Task directions:
Using the entries below, output exactly the lines from the one containing "this 1344×1512 image." through the final line, both included, and no others.

[Saved data entries]
>>>
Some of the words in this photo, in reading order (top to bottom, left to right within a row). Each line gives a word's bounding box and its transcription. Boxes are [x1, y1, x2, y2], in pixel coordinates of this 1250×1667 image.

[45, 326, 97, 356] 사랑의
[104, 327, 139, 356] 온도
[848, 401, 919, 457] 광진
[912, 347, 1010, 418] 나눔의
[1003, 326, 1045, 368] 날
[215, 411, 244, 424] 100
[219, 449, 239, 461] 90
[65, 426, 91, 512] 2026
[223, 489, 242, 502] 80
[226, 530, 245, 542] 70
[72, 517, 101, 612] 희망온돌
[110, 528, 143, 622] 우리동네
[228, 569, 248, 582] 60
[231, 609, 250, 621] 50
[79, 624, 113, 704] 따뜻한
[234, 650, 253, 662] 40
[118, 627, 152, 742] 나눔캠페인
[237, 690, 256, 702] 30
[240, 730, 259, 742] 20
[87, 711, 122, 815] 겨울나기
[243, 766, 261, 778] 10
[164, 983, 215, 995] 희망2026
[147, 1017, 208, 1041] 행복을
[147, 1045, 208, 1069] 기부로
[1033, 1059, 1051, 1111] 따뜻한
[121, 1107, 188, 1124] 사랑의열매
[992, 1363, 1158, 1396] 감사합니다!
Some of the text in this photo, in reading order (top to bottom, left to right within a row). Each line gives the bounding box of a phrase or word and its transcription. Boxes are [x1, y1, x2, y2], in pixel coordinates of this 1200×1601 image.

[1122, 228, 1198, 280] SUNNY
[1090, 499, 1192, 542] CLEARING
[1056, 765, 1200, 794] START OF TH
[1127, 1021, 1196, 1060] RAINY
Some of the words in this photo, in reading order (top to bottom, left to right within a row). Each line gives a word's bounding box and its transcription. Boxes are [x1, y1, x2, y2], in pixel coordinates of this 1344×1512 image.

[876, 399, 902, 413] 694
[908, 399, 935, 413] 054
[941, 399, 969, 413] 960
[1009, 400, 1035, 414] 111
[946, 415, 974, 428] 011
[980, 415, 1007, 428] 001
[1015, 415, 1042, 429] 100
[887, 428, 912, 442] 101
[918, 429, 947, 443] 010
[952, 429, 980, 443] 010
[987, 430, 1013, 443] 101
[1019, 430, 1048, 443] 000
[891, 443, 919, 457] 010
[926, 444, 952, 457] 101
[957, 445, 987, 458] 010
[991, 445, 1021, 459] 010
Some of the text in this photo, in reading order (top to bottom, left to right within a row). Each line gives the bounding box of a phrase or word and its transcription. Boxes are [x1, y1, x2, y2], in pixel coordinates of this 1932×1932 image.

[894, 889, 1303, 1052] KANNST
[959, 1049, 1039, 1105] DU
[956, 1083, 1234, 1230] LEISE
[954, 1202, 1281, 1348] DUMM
<<<
Result of this task:
Some of the words in this photo, in reading order (top to bottom, left to right within a row). Each line gives a word's bounding box and its transcription. Boxes are [x1, y1, x2, y2], in pixel coordinates of this 1344×1512 image.

[876, 399, 902, 413] 694
[908, 399, 935, 413] 054
[941, 399, 969, 413] 960
[1009, 400, 1035, 414] 111
[946, 415, 974, 428] 011
[980, 415, 1007, 428] 001
[1015, 415, 1042, 429] 100
[887, 428, 912, 442] 101
[918, 429, 947, 443] 010
[952, 429, 980, 443] 010
[987, 430, 1013, 443] 101
[1019, 430, 1048, 443] 000
[891, 443, 919, 457] 010
[926, 444, 952, 457] 101
[957, 445, 987, 458] 010
[991, 445, 1021, 459] 010
Some of the text in this photo, in reading order (top to bottom, left to right within a row). Each line gives the bounding box of a phrase or word and its transcription. Boxes are [x1, y1, x2, y2], in pixel coordinates of this 1932×1932 image.

[894, 889, 1303, 1052] KANNST
[959, 1049, 1039, 1105] DU
[956, 1083, 1234, 1230] LEISE
[954, 1202, 1281, 1348] DUMM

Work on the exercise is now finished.